Lindsey thinks back to those moments, and advises other Leigh families to “take so many pictures, because that’s all we have [now].”
Lindsey wanted to make sure she had professional family photos taken, making Bradlee the main focus. Bradlee loved her older brothers and they had such a special bond. “They were inseparable, and we got to capture all the love as a family one last time.”
Unfortunately, 16 days after Bradlee took those family photos, they found themselves in the hospital. Lindsey and Brandon were not sure if they were going to be able to bring their little girl home. After spending over a week there, Bradlee’s final day on earth arrived. Bradlee made her way to heaven on June 20, 2023, at two years old.
Lindsey recalls not packing Bradlee’s favorite outfit or toy. They had only a random outfit, some toys for her to keep, and a blanket she had been sleeping with for the last few days. The morning of Bradlee’s passing, a nurse offered Lindsey and Brandon a blanket with a cute sea turtle stitched in the corner. It was from the Live Like JoJo foundation. Lindsey calls it “truly a blessing” and felt it was made for Bradlee. Afterall, she loved Moana and all sea creatures, especially the sea turtle. Lindsey and Brandon wrapped Bradlee in this soft blanket and held her for the last time. Lindsey says she finds comfort in knowing Bradlee brought that blanket with her to heaven.
Two days after Bradlee passed, Lindsey received an email from Monica, the founder of the Live Like Jojo Foundation. She reached out to say how excited she was to meet Bradlee at their upcoming petting zoo event. Lindsey’s heart dropped. But when she saw the turtle logo on Monica’s email signature, she froze. “That’s the turtle [on the blanket] that they gave [Bradlee at the hospital].”
After hearing the news of Bradlee’s passing, Monica let Lindsey know that her invitation stood, and could be a step of healing for their family.
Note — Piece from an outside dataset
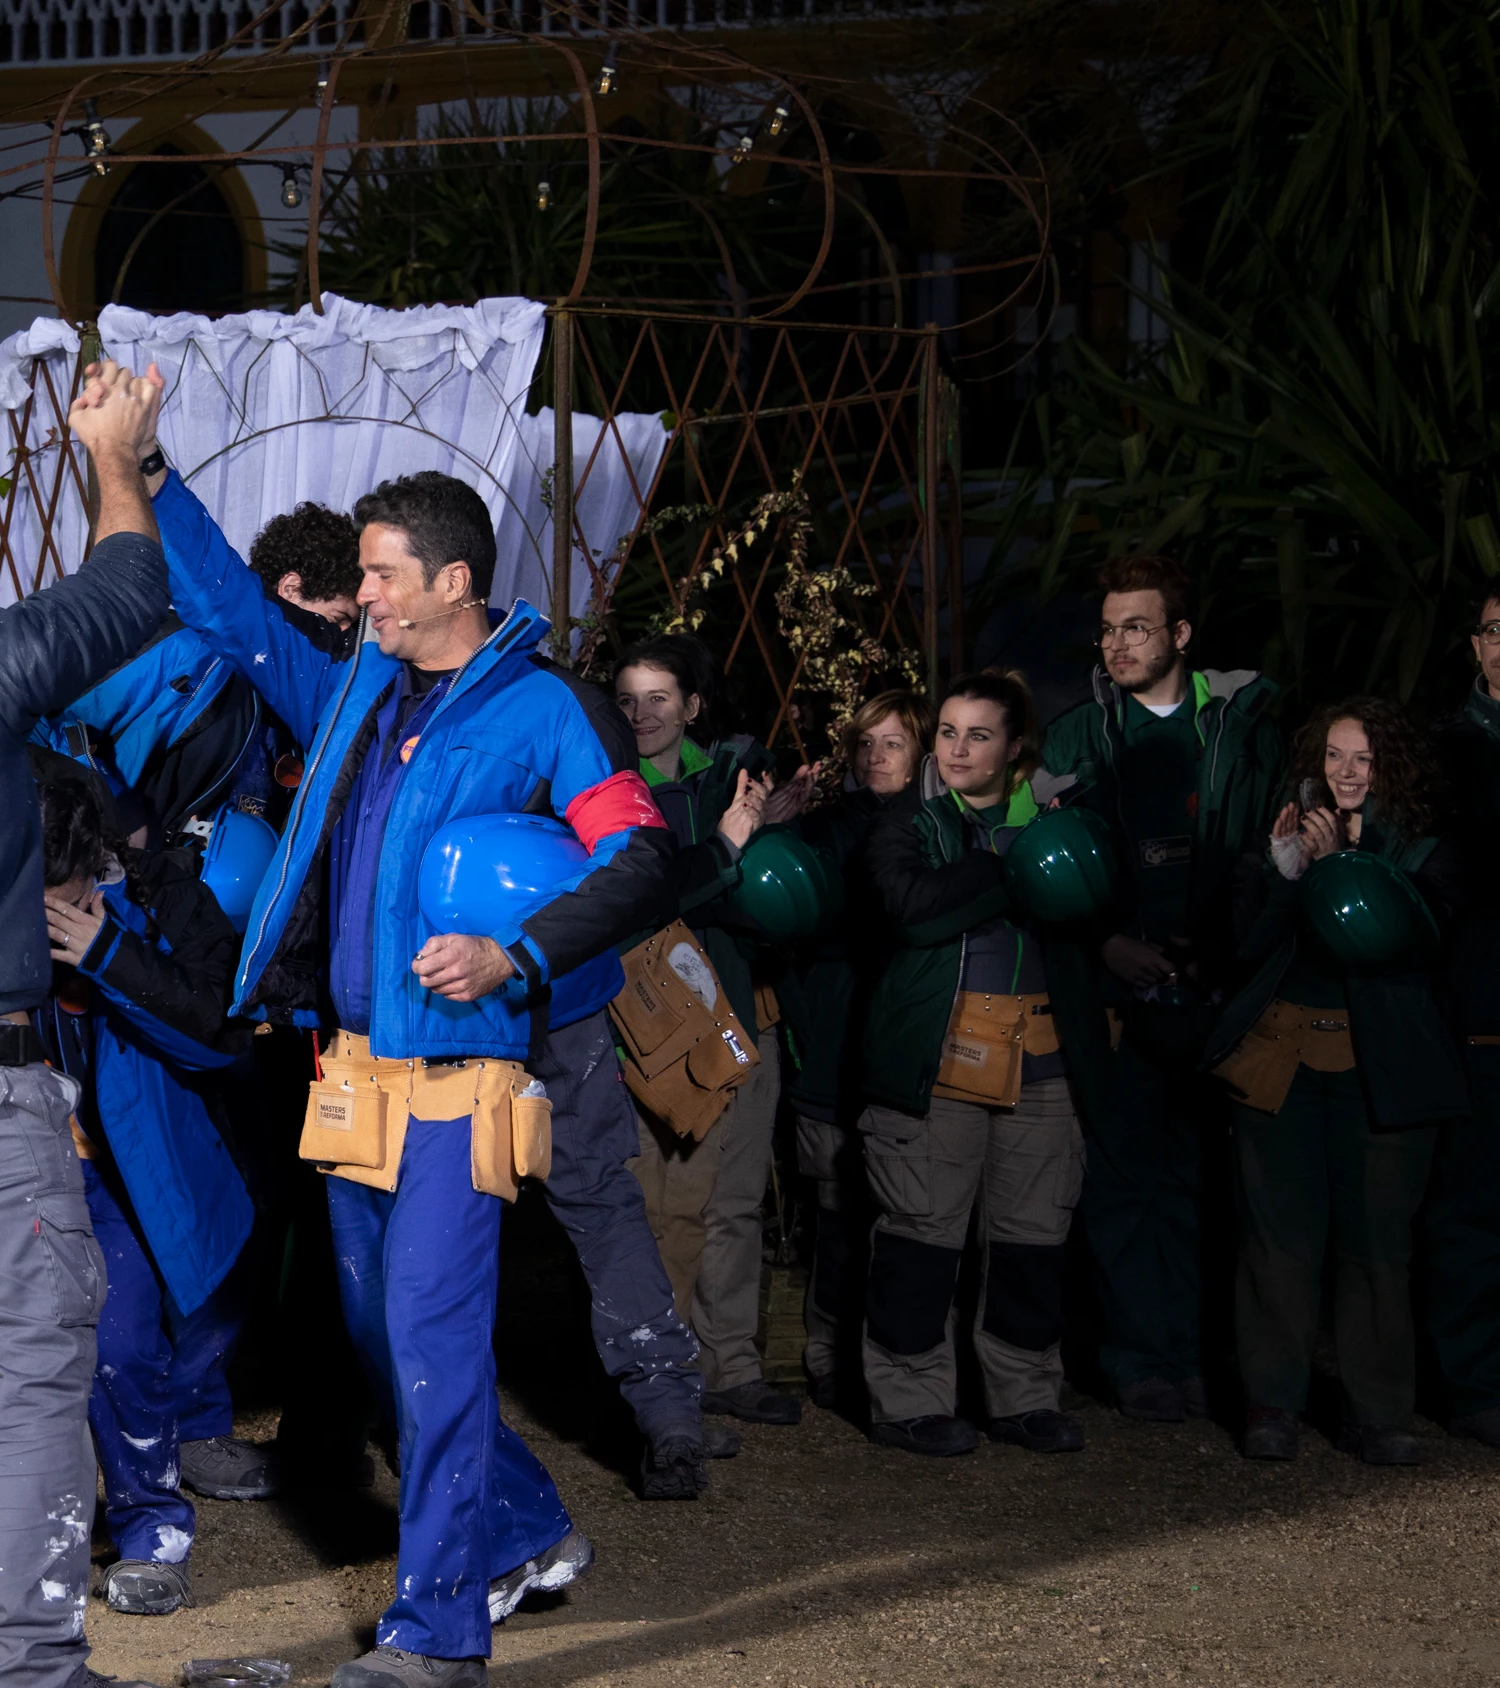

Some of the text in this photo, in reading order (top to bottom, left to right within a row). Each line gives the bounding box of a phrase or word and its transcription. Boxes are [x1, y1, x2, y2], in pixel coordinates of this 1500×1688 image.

[637, 980, 656, 1009] MASTERS
[950, 1043, 981, 1056] MASTERS
[320, 1104, 345, 1114] MASTERS
[323, 1112, 345, 1121] REFORMA
Lindsey says, “We could not have asked for a more beautiful day to create such wonderful moments together after devastating days of hardship and loss. One of the highlights of the day was Monica handing me a box with the same blanket that Bradlee took with her to heaven.”
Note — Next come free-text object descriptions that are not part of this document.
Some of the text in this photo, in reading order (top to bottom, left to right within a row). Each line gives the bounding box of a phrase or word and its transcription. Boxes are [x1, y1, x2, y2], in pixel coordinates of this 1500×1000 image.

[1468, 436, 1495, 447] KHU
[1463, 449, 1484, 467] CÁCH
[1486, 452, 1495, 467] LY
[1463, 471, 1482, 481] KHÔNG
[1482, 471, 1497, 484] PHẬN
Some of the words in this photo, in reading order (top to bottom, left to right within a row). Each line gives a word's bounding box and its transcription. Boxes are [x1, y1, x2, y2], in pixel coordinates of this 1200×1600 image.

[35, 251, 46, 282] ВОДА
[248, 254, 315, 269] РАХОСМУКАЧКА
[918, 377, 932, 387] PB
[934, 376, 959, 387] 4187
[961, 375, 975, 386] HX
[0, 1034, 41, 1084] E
The Green family believes that Bradlee is still around. “We think she’s a butterfly,” Lindsey says. When butterflies appear, it feels like Bradlee is still visiting, still sending love. And on the hardest days, she believes Bradlee sends rainbows too, gentle reminders “to give myself some grace… and just kind of breathe.”
Lindsey and her husband knew that their family was not done growing, so they decided to turn to IVF. “The timing still feels impossible to explain,” Lindsey says. Everything moved faster than the doctors had predicted, and suddenly she was pregnant: another girl. Jayda was born on June 20, 2025, the same day Bradlee passed away (or what the Greens lovingly call “Bradlee’s Angel Day.”)
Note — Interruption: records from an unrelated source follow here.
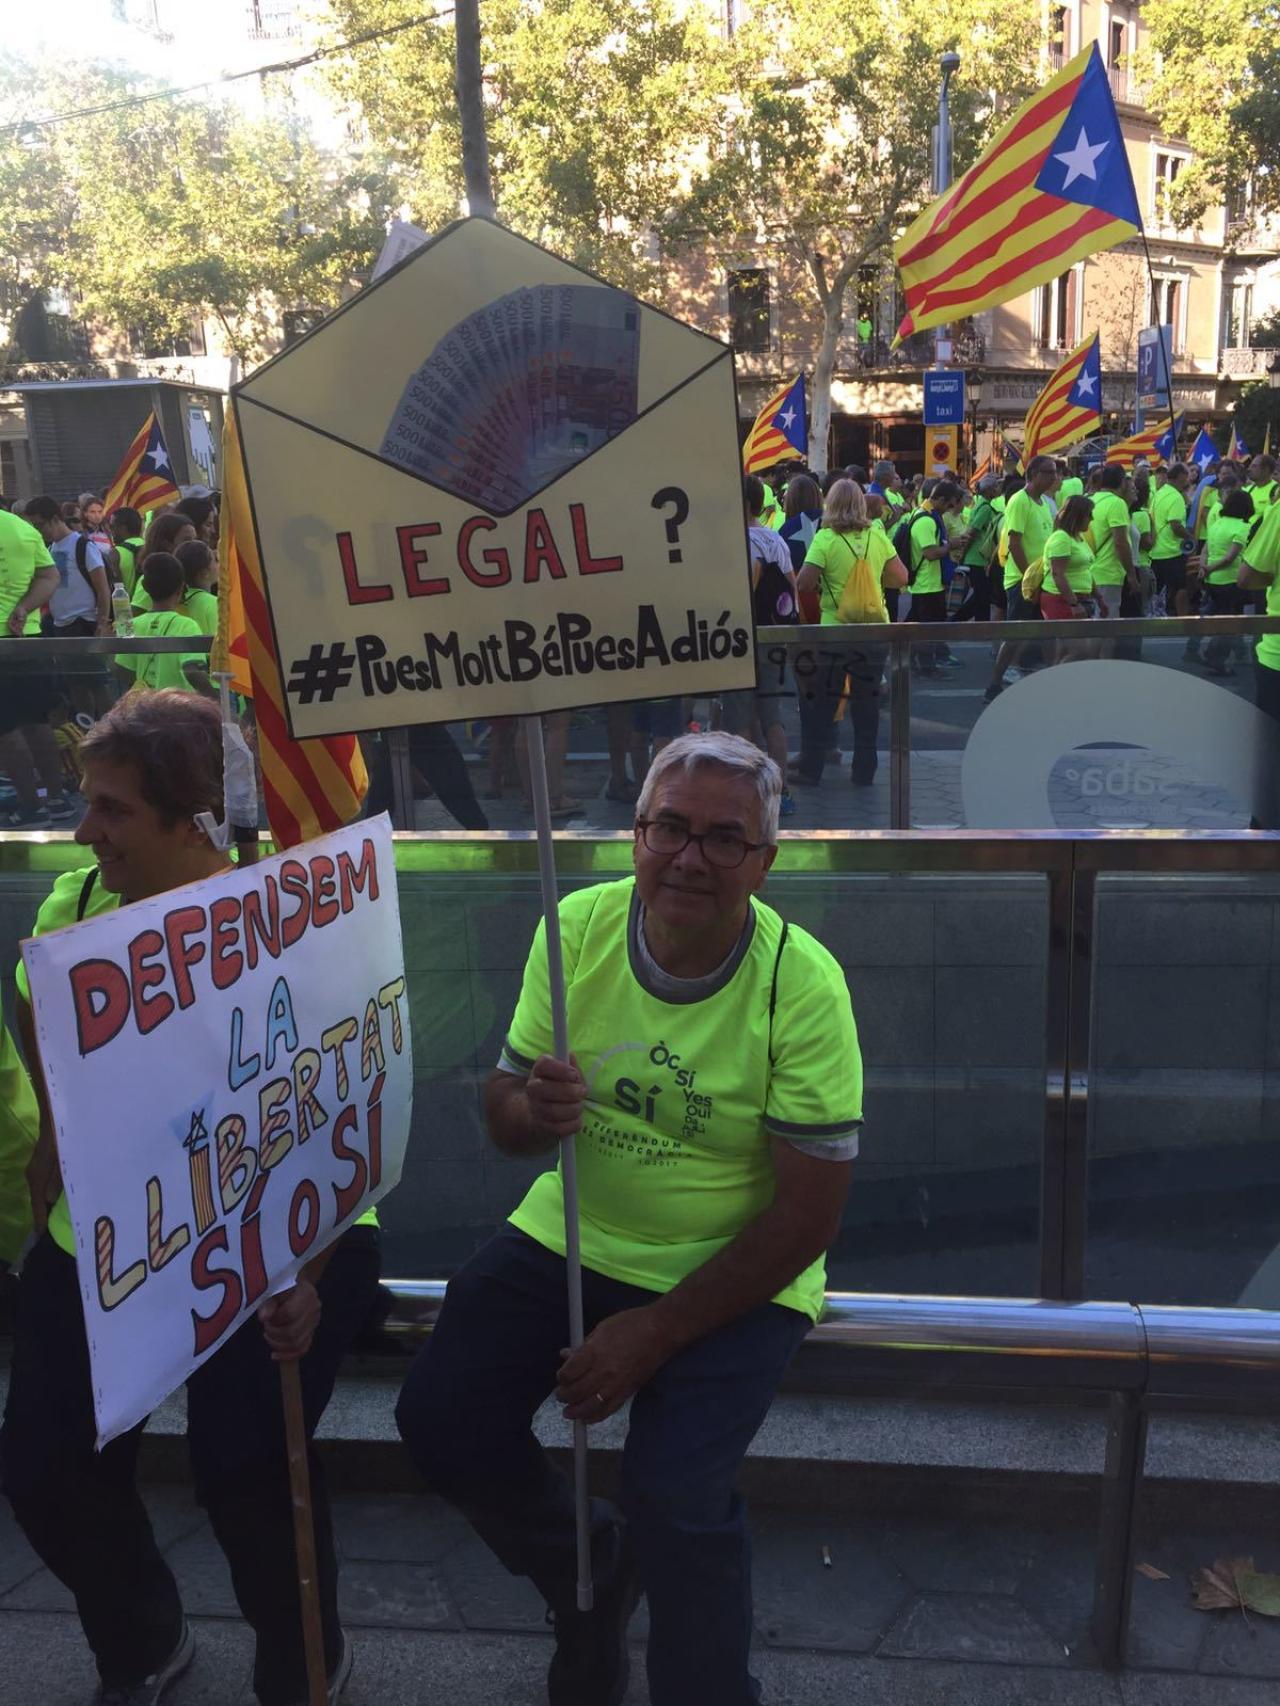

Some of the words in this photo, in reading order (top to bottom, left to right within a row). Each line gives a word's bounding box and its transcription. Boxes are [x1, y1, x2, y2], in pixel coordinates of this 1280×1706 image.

[936, 404, 953, 417] taxi
[336, 503, 623, 605] LEGAL
[651, 486, 689, 564] ?
[68, 838, 379, 1058] DEFENSEM
[228, 975, 299, 1093] LA
[683, 1088, 713, 1107] Yes
Lindsey explains, “It’s crazy how it all lined up. I feel like Bradlee definitely sent us an angel on her angel day.” In the middle of grief, Lindsey believes Bradlee found a way to bring her family light again.
To Lindsey, Jayda carries a piece of her big sister. “She’s got her smile,” she says. “That’s the one thing I love most… it’s like [Bradlee] gave me that.”
Today, Lindsey hosts a yearly walk in Bradlee’s honor and splits the proceeds between Cure Mito and Live Like JoJo foundations. She incorporates butterflies into their graphics. “We also make Bradlee stickers,” complete with purple glasses and a mermaid tail. “Kind of like a flat Stanley. People usually put her on their water bottles and send us pictures of where she has gone. It’s pretty cool.” Bradlee’s adventures continue through the people who know her story.
Lindsey tells newly diagnosed families not to forget to take a breath, cherish every moment (good or bad), and always remember their light. And above all, she remembers Bradlee’s light. “She was amazing.” And she is still very much with them.